# Problem description
Reproduce the records exactly.

Given entries: Begin

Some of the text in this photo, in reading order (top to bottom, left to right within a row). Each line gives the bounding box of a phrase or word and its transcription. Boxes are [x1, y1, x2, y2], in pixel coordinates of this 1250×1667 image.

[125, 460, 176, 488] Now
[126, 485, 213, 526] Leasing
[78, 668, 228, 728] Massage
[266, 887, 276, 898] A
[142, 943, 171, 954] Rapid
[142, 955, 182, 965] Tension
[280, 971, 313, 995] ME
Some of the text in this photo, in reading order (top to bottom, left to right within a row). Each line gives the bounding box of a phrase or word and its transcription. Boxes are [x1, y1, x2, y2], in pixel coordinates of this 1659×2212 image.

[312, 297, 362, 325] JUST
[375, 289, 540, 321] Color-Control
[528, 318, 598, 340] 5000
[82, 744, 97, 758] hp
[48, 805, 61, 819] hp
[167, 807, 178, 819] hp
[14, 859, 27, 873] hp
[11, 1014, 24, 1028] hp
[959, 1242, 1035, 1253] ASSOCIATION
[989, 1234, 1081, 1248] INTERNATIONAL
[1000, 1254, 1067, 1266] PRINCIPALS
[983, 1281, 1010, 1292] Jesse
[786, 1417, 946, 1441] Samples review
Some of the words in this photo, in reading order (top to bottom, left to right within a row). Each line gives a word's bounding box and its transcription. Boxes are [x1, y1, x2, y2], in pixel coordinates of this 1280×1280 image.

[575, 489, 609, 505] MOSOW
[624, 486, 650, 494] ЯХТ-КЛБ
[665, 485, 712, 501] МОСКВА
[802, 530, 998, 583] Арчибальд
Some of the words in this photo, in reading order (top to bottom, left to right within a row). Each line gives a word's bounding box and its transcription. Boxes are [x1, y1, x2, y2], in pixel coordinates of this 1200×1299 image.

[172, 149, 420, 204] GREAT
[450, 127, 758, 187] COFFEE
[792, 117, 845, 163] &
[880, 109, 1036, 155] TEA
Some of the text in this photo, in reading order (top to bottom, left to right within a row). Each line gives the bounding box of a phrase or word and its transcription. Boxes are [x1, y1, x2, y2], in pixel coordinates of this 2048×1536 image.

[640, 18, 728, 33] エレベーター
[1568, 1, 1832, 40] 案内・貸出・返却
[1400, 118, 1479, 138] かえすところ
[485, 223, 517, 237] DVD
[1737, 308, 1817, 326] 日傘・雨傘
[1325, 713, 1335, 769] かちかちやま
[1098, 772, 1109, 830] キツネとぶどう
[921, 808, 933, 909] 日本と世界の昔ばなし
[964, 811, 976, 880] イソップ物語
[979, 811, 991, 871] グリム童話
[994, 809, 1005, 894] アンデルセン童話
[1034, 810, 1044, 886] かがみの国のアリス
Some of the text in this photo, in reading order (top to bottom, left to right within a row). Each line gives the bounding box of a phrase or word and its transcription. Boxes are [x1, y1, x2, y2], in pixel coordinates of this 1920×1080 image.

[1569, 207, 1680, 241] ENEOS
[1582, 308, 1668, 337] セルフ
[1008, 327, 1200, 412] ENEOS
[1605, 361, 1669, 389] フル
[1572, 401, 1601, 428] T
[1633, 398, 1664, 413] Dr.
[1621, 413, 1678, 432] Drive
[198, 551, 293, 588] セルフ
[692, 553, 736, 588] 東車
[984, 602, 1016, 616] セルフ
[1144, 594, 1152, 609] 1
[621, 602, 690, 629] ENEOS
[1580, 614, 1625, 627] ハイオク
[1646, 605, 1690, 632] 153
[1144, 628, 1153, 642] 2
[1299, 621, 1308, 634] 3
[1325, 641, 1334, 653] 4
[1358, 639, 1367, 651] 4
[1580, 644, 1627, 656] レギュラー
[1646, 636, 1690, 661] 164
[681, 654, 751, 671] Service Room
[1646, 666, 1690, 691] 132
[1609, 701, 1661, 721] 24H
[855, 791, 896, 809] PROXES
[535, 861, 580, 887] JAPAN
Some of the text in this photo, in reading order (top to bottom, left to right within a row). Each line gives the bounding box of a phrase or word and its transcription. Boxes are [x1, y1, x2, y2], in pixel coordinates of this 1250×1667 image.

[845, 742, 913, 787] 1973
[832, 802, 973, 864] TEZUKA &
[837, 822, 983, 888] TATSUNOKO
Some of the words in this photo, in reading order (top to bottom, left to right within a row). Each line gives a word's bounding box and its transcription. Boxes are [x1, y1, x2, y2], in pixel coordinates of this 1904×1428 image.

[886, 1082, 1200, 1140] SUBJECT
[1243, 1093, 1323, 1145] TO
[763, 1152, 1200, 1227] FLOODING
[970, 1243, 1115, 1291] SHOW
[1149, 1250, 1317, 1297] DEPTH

Given entries: End

# Output for this task
Some of the text in this photo, in reading order (top to bottom, left to right within a row). Each line gives the bounding box of a phrase or word and its transcription. Boxes are [x1, y1, x2, y2], in pixel coordinates of this 1250×1667 image.

[125, 460, 176, 488] Now
[126, 485, 213, 526] Leasing
[78, 668, 228, 728] Massage
[266, 887, 276, 898] A
[142, 943, 171, 954] Rapid
[142, 955, 182, 965] Tension
[280, 971, 313, 995] ME
Some of the text in this photo, in reading order (top to bottom, left to right within a row). Each line gives the bounding box of a phrase or word and its transcription. Boxes are [x1, y1, x2, y2], in pixel coordinates of this 1659×2212 image.

[312, 297, 362, 325] JUST
[375, 289, 540, 321] Color-Control
[528, 318, 598, 340] 5000
[82, 744, 97, 758] hp
[48, 805, 61, 819] hp
[167, 807, 178, 819] hp
[14, 859, 27, 873] hp
[11, 1014, 24, 1028] hp
[959, 1242, 1035, 1253] ASSOCIATION
[989, 1234, 1081, 1248] INTERNATIONAL
[1000, 1254, 1067, 1266] PRINCIPALS
[983, 1281, 1010, 1292] Jesse
[786, 1417, 946, 1441] Samples review
Some of the words in this photo, in reading order (top to bottom, left to right within a row). Each line gives a word's bounding box and its transcription. Boxes are [x1, y1, x2, y2], in pixel coordinates of this 1280×1280 image.

[575, 489, 609, 505] MOSOW
[624, 486, 650, 494] ЯХТ-КЛБ
[665, 485, 712, 501] МОСКВА
[802, 530, 998, 583] Арчибальд
Some of the words in this photo, in reading order (top to bottom, left to right within a row). Each line gives a word's bounding box and its transcription. Boxes are [x1, y1, x2, y2], in pixel coordinates of this 1200×1299 image.

[172, 149, 420, 204] GREAT
[450, 127, 758, 187] COFFEE
[792, 117, 845, 163] &
[880, 109, 1036, 155] TEA
Some of the text in this photo, in reading order (top to bottom, left to right within a row). Each line gives the bounding box of a phrase or word and its transcription. Boxes are [x1, y1, x2, y2], in pixel coordinates of this 2048×1536 image.

[640, 18, 728, 33] エレベーター
[1568, 1, 1832, 40] 案内・貸出・返却
[1400, 118, 1479, 138] かえすところ
[485, 223, 517, 237] DVD
[1737, 308, 1817, 326] 日傘・雨傘
[1325, 713, 1335, 769] かちかちやま
[1098, 772, 1109, 830] キツネとぶどう
[921, 808, 933, 909] 日本と世界の昔ばなし
[964, 811, 976, 880] イソップ物語
[979, 811, 991, 871] グリム童話
[994, 809, 1005, 894] アンデルセン童話
[1034, 810, 1044, 886] かがみの国のアリス
Some of the text in this photo, in reading order (top to bottom, left to right within a row). Each line gives the bounding box of a phrase or word and its transcription. Boxes are [x1, y1, x2, y2], in pixel coordinates of this 1920×1080 image.

[1569, 207, 1680, 241] ENEOS
[1582, 308, 1668, 337] セルフ
[1008, 327, 1200, 412] ENEOS
[1605, 361, 1669, 389] フル
[1572, 401, 1601, 428] T
[1633, 398, 1664, 413] Dr.
[1621, 413, 1678, 432] Drive
[198, 551, 293, 588] セルフ
[692, 553, 736, 588] 東車
[984, 602, 1016, 616] セルフ
[1144, 594, 1152, 609] 1
[621, 602, 690, 629] ENEOS
[1580, 614, 1625, 627] ハイオク
[1646, 605, 1690, 632] 153
[1144, 628, 1153, 642] 2
[1299, 621, 1308, 634] 3
[1325, 641, 1334, 653] 4
[1358, 639, 1367, 651] 4
[1580, 644, 1627, 656] レギュラー
[1646, 636, 1690, 661] 164
[681, 654, 751, 671] Service Room
[1646, 666, 1690, 691] 132
[1609, 701, 1661, 721] 24H
[855, 791, 896, 809] PROXES
[535, 861, 580, 887] JAPAN
Some of the text in this photo, in reading order (top to bottom, left to right within a row). Each line gives the bounding box of a phrase or word and its transcription. Boxes are [x1, y1, x2, y2], in pixel coordinates of this 1250×1667 image.

[845, 742, 913, 787] 1973
[832, 802, 973, 864] TEZUKA &
[837, 822, 983, 888] TATSUNOKO
Some of the words in this photo, in reading order (top to bottom, left to right within a row). Each line gives a word's bounding box and its transcription. Boxes are [x1, y1, x2, y2], in pixel coordinates of this 1904×1428 image.

[886, 1082, 1200, 1140] SUBJECT
[1243, 1093, 1323, 1145] TO
[763, 1152, 1200, 1227] FLOODING
[970, 1243, 1115, 1291] SHOW
[1149, 1250, 1317, 1297] DEPTH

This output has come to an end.